WHAT YOU ARE ASKED TO DO: Reproduce the records below; each should match the original exactly.

○ ○ ○ ○ ○

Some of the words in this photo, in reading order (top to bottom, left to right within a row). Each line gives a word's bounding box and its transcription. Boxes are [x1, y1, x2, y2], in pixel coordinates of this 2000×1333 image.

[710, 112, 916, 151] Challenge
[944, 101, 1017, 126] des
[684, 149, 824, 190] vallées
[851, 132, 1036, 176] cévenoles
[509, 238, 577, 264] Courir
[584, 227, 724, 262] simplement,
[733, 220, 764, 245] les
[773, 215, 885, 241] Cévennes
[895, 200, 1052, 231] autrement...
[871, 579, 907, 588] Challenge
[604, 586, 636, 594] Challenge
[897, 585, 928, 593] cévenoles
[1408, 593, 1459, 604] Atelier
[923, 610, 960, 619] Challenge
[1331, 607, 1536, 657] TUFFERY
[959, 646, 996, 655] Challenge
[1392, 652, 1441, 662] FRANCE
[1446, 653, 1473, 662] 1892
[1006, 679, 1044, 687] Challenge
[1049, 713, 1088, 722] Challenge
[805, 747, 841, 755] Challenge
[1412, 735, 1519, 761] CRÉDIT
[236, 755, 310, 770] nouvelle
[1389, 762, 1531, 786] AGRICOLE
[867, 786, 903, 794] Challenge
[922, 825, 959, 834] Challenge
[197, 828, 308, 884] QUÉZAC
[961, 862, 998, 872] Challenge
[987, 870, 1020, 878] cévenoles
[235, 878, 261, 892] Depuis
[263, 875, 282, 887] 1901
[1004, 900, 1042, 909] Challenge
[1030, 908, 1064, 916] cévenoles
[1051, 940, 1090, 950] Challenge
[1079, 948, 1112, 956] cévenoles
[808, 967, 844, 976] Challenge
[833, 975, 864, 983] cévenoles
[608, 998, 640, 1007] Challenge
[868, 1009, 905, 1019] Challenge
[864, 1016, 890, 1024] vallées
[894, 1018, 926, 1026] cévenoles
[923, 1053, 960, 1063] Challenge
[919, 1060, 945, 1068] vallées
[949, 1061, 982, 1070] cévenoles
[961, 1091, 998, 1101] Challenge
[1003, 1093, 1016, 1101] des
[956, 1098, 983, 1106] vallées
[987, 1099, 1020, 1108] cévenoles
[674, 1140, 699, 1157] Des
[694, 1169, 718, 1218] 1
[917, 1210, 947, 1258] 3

○ ○ ○ ○ ○

RESPONSE TO THE EXERCISE:
Some of the words in this photo, in reading order (top to bottom, left to right within a row). Each line gives a word's bounding box and its transcription. Boxes are [x1, y1, x2, y2], in pixel coordinates of this 2000×1333 image.

[710, 112, 916, 151] Challenge
[944, 101, 1017, 126] des
[684, 149, 824, 190] vallées
[851, 132, 1036, 176] cévenoles
[509, 238, 577, 264] Courir
[584, 227, 724, 262] simplement,
[733, 220, 764, 245] les
[773, 215, 885, 241] Cévennes
[895, 200, 1052, 231] autrement...
[871, 579, 907, 588] Challenge
[604, 586, 636, 594] Challenge
[897, 585, 928, 593] cévenoles
[1408, 593, 1459, 604] Atelier
[923, 610, 960, 619] Challenge
[1331, 607, 1536, 657] TUFFERY
[959, 646, 996, 655] Challenge
[1392, 652, 1441, 662] FRANCE
[1446, 653, 1473, 662] 1892
[1006, 679, 1044, 687] Challenge
[1049, 713, 1088, 722] Challenge
[805, 747, 841, 755] Challenge
[1412, 735, 1519, 761] CRÉDIT
[236, 755, 310, 770] nouvelle
[1389, 762, 1531, 786] AGRICOLE
[867, 786, 903, 794] Challenge
[922, 825, 959, 834] Challenge
[197, 828, 308, 884] QUÉZAC
[961, 862, 998, 872] Challenge
[987, 870, 1020, 878] cévenoles
[235, 878, 261, 892] Depuis
[263, 875, 282, 887] 1901
[1004, 900, 1042, 909] Challenge
[1030, 908, 1064, 916] cévenoles
[1051, 940, 1090, 950] Challenge
[1079, 948, 1112, 956] cévenoles
[808, 967, 844, 976] Challenge
[833, 975, 864, 983] cévenoles
[608, 998, 640, 1007] Challenge
[868, 1009, 905, 1019] Challenge
[864, 1016, 890, 1024] vallées
[894, 1018, 926, 1026] cévenoles
[923, 1053, 960, 1063] Challenge
[919, 1060, 945, 1068] vallées
[949, 1061, 982, 1070] cévenoles
[961, 1091, 998, 1101] Challenge
[1003, 1093, 1016, 1101] des
[956, 1098, 983, 1106] vallées
[987, 1099, 1020, 1108] cévenoles
[674, 1140, 699, 1157] Des
[694, 1169, 718, 1218] 1
[917, 1210, 947, 1258] 3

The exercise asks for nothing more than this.